Xavier Azalbert, France-Soir
Les éditos de l'été 2025 : l'escroquerie du taux de réussite au baccalauréat
France-Soir, Pixabay
« Un philosophe, c'est un mec que quand il a fini la réponse à ta question, tu comprends même plus ta question. »
Oui. Sans doute est-ce ceci que Coluche aurait répondu au baccalauréat, à l'épreuve de philosophie.

Au fait ! Cette année, le taux de réussite au baccalauréat a été de 91,8 %, selon le ministère de l'Éducation nationale, en légère hausse par rapport aux 91,4 % de 2024. Impressionnant, non ? Sauf que, quand 96,4 % des candidats en voie générale décrochent le précieux sésame, on se demande si l'examen teste encore autre chose que la capacité à cocher son nom sur une feuille.
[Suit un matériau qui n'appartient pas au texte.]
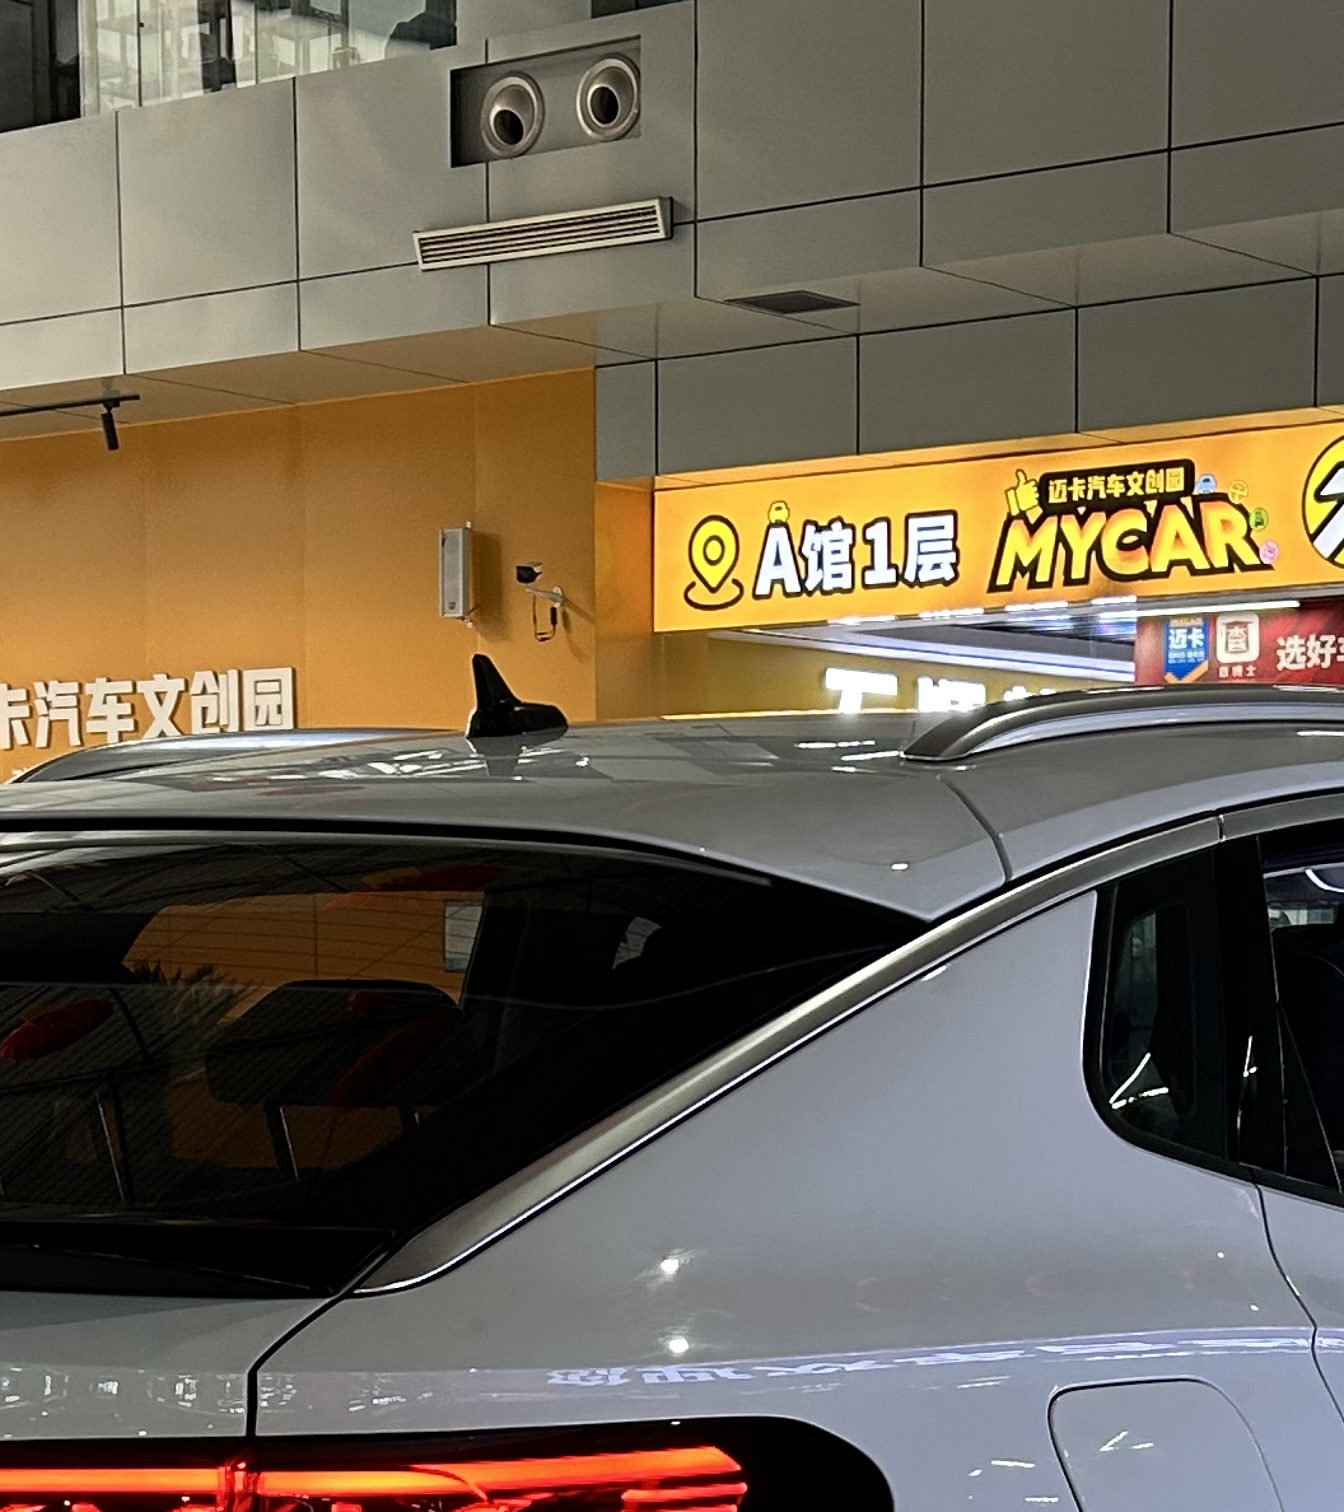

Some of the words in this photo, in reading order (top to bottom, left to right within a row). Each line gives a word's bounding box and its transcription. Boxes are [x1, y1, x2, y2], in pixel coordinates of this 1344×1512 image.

Sachant que les politiciens nous mentent sur absolument tous les sujets, et qu'Élisabeth Borne, l'actuelle ministre de l'Éducation nationale, a eu l'honnêteté de dire, lors de sa prise de fonction, qu'elle n'y connaît pas grand-chose dans ce domaine (« Je ne suis pas une spécialiste »), j'ai eu l'idée de commenter par une boutade à la Coluche ce taux de réussite au bac 2025. Un taux extraordinaire pour un examen qui, pour correspondre à son niveau de difficulté actuel, devrait plutôt intervenir, de nos jours, non pas en clôture des années de lycée, mais à la fin du primaire.
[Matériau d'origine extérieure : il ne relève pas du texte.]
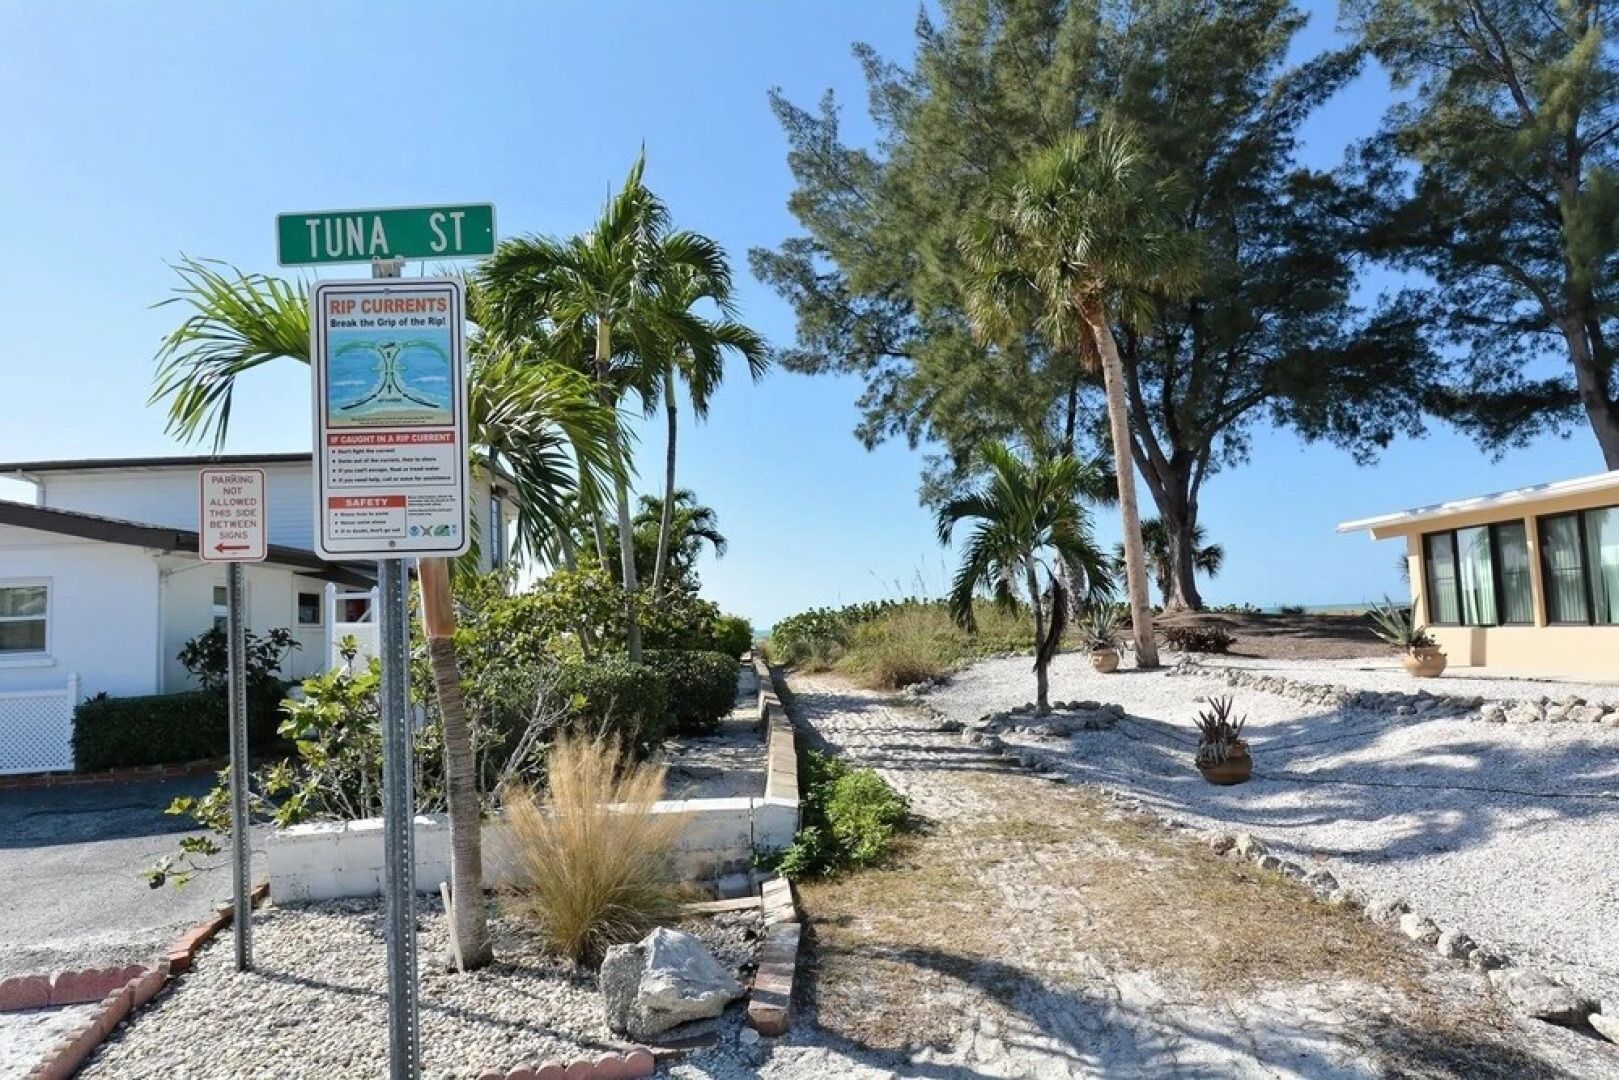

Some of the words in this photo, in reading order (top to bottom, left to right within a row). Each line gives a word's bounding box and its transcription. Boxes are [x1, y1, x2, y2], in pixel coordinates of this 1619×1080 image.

En effet, sous l'ère Macron, le niveau de difficulté du baccalauréat est au mieux équivalent à celui du certificat d'études de jadis, qu'on passait à la fin du CM2. En 1985, seuls 29 % des jeunes d'une génération obtenaient le baccalauréat, contre près de 80 % en 2019, selon l'INSEE. Cette explosion, portée par l'objectif de Jean-Pierre Chevènement de faire grimper le taux à 80 %, a-t-elle vraiment élevé le niveau ?
À l'époque, le certificat d'études imposait une règle impitoyable : cinq fautes d'orthographe, et c'était zéro, même en maths ! Si cette règle existait encore, 95 % des candidats au bac 2025 n'auraient aucune chance. D'ailleurs, l'INSEE révèle que 7 % des 16-25 ans sont en situation d'illettrisme, incapables de comprendre un texte simple ou de rédiger correctement. Et pourtant, 91,8 % décrochent le bac ! Comment expliquer ce paradoxe, sinon par un examen qui ne demande plus grand-chose, si ce n'est de savoir tenir un stylo ?
Depuis la réforme de 2019, le bac repose à 40 % sur du contrôle continu, ce qui a mécaniquement boosté les taux de réussite. Avec 60 % seulement des notes venant des épreuves finales, pas étonnant que 91,8 % des candidats repartent avec le diplôme. Fini le stress des salles d'examen, place à la moyenne lissée sur l'année
Bravo : mais bon… Il faut dire que cette année, l'épreuve de culture générale a consisté en une seule question, la même pour toutes les sections :
« Voici six mots : Facebook - YouTube - Instagram - TikTok - Snapchat - Dictionnaire. Lequel désigne un machin, bidule, truc totalement inutile pour réussir socialement dans la vie et pour s'exprimer correctement en français ? »
Comme les professeurs, formés dans un système qu'on pourrait qualifier de « décérébration institutionnalisée », jugent le dictionnaire obsolète, la « bonne » réponse était : le dictionnaire. Des rumeurs sur les réseaux sociaux suggèrent même que les correcteurs reçoivent des consignes pour noter généreusement : une copie, même médiocre, traitant vaguement le sujet pourrait valoir 10/20. Pas étonnant que le dictionnaire soit jugé inutile !
Et, pourtant, 8 % des candidats, selon certaines estimations, ne savent ni lire ni écrire. Presque la moitié des illettrés savent écrire leur nom avec moins de cinq 'photeux'. Pas mal, quand 91,8 % des candidats décrochent le bac ! Pendant ce temps, sur TikTok, les jeunes apprennent à danser en 15 secondes, mais conjuguer un verbe au subjonctif ? Ça, c'est une épreuve digne d'un grand chelem face à une IA comme ChatGPT.
Alors, comment redonner du lustre à ce baccalauréat délavé ? Peut-être en réintroduisant une dictée impitoyable, où cinq fautes d'orthographe vaudraient un zéro. Ou en demandant aux candidats de lire un livre – un vrai, pas un post TikTok – avant l'examen. Si 78,8 % d'une génération sont bacheliers, selon la DEPP, il est temps de s'assurer que ce diplôme signifie encore quelque chose.
J'espère que je n'ai pas fait de « photeux dors tôt Graf » dans cet édito « cahier de vacances », où, pour de rire, je me suis un peu moqué d'eux.